(Stored data entries)
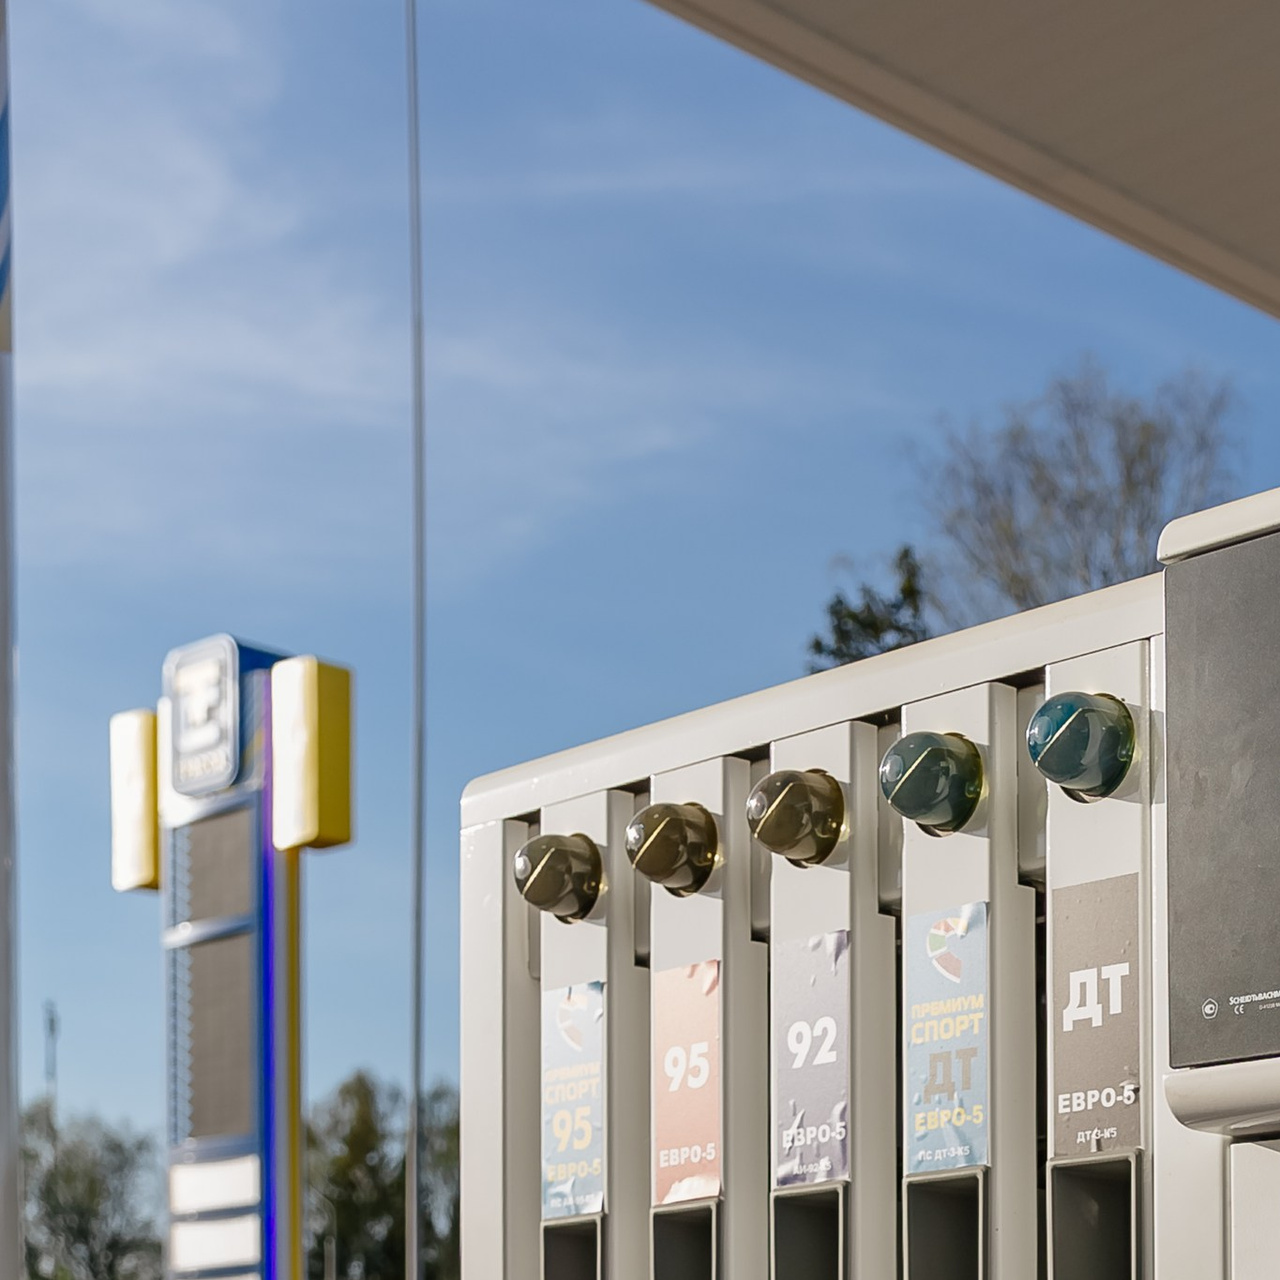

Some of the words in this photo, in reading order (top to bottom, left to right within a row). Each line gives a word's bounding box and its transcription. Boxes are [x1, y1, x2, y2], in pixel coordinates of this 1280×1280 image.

[911, 993, 985, 1020] ПРЕМИУМ
[1062, 962, 1130, 1033] ДТ
[787, 1016, 838, 1069] 92
[911, 1012, 985, 1045] СПОРТ
[664, 1041, 710, 1092] 95
[923, 1046, 978, 1105] ДТ
[545, 1076, 600, 1105] СПОРТ
[1058, 1084, 1136, 1114] ЕВРО-5
[553, 1105, 593, 1153] 95
[914, 1104, 984, 1132] ЕВРО-5
[782, 1121, 847, 1148] ЕВРО-5
[659, 1142, 716, 1168] ЕВРО-5
[547, 1158, 602, 1183] ЕВРО-5
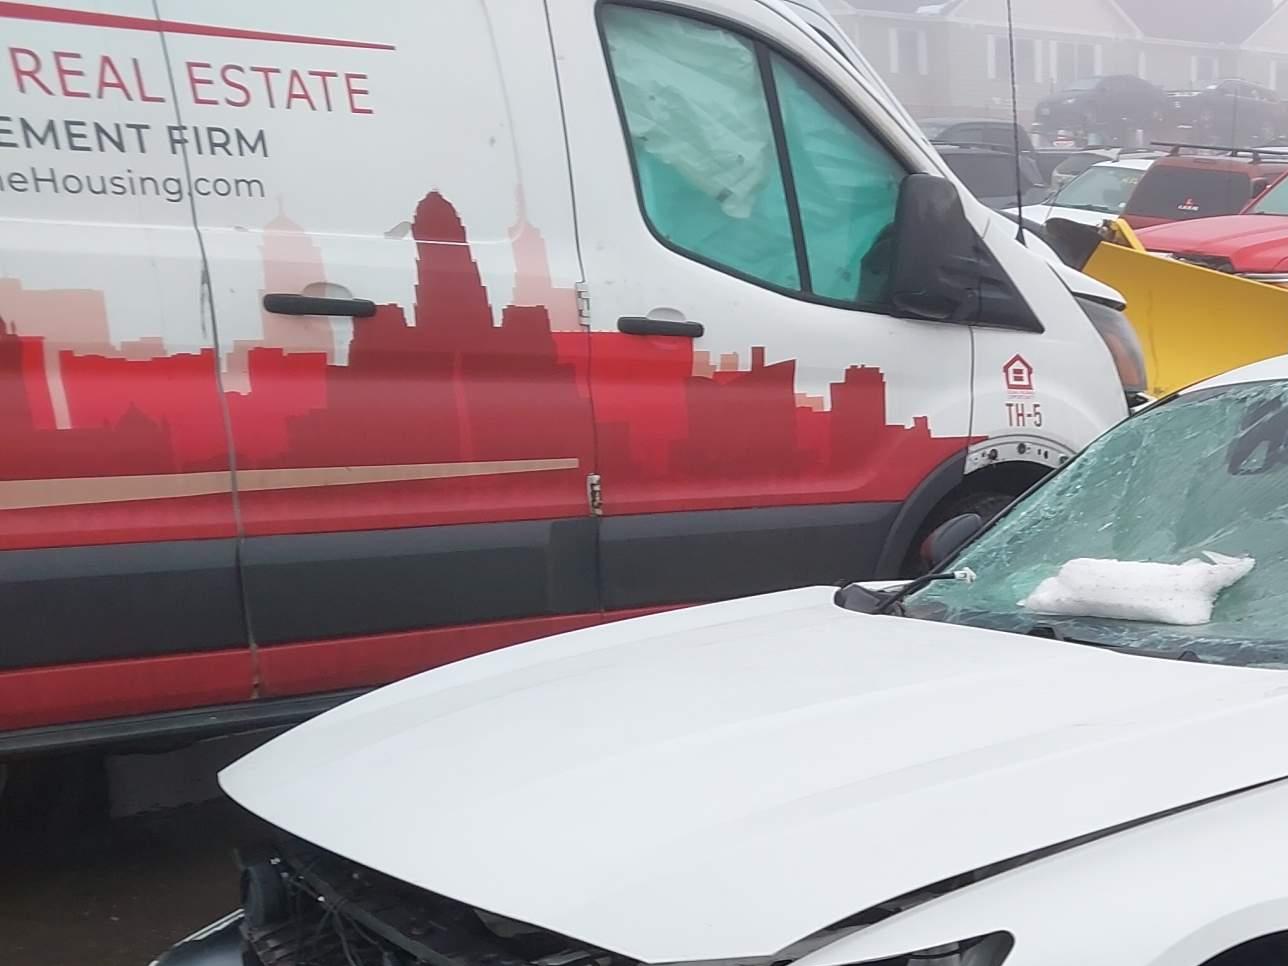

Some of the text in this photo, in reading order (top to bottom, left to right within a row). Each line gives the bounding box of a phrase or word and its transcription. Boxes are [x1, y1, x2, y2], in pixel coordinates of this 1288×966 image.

[7, 46, 374, 115] REAL ESTATE
[167, 125, 270, 158] FIRM
[0, 166, 265, 203] eHousing.com
[1005, 403, 1043, 427] TH-5
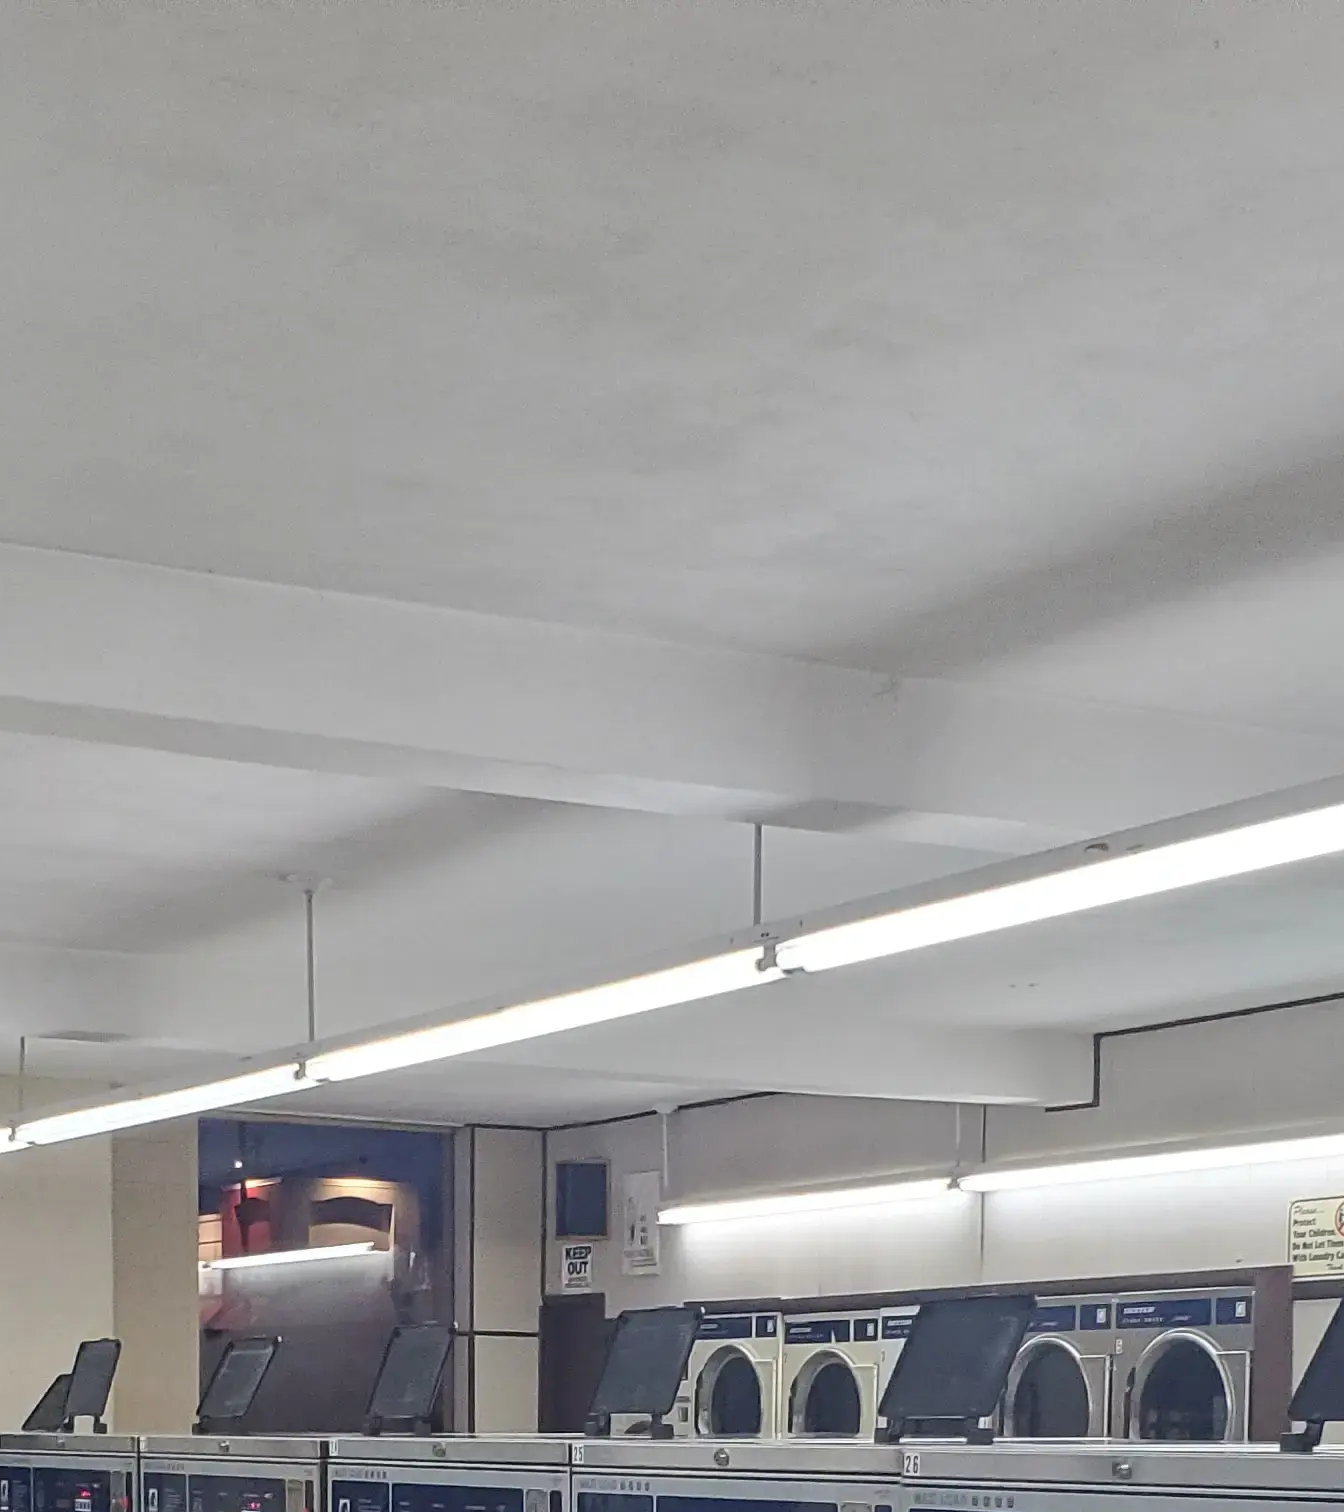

▸ **TASK DESCRIPTION**: Images are to be excluded, and each record above written out word for word.

▸ **RESPONSE TO THE EXERCISE**:
Some of the words in this photo, in reading order (top to bottom, left to right within a row). Each line gives a word's bounding box and its transcription. Boxes are [x1, y1, x2, y2], in pixel coordinates of this 1280×1280 image.

[911, 993, 985, 1020] ПРЕМИУМ
[1062, 962, 1130, 1033] ДТ
[787, 1016, 838, 1069] 92
[911, 1012, 985, 1045] СПОРТ
[664, 1041, 710, 1092] 95
[923, 1046, 978, 1105] ДТ
[545, 1076, 600, 1105] СПОРТ
[1058, 1084, 1136, 1114] ЕВРО-5
[553, 1105, 593, 1153] 95
[914, 1104, 984, 1132] ЕВРО-5
[782, 1121, 847, 1148] ЕВРО-5
[659, 1142, 716, 1168] ЕВРО-5
[547, 1158, 602, 1183] ЕВРО-5

Some of the text in this photo, in reading order (top to bottom, left to right within a row). Each line gives the bounding box of a phrase or word and its transcription. Boxes are [x1, y1, x2, y2], in pixel coordinates of this 1288×966 image.

[7, 46, 374, 115] REAL ESTATE
[167, 125, 270, 158] FIRM
[0, 166, 265, 203] eHousing.com
[1005, 403, 1043, 427] TH-5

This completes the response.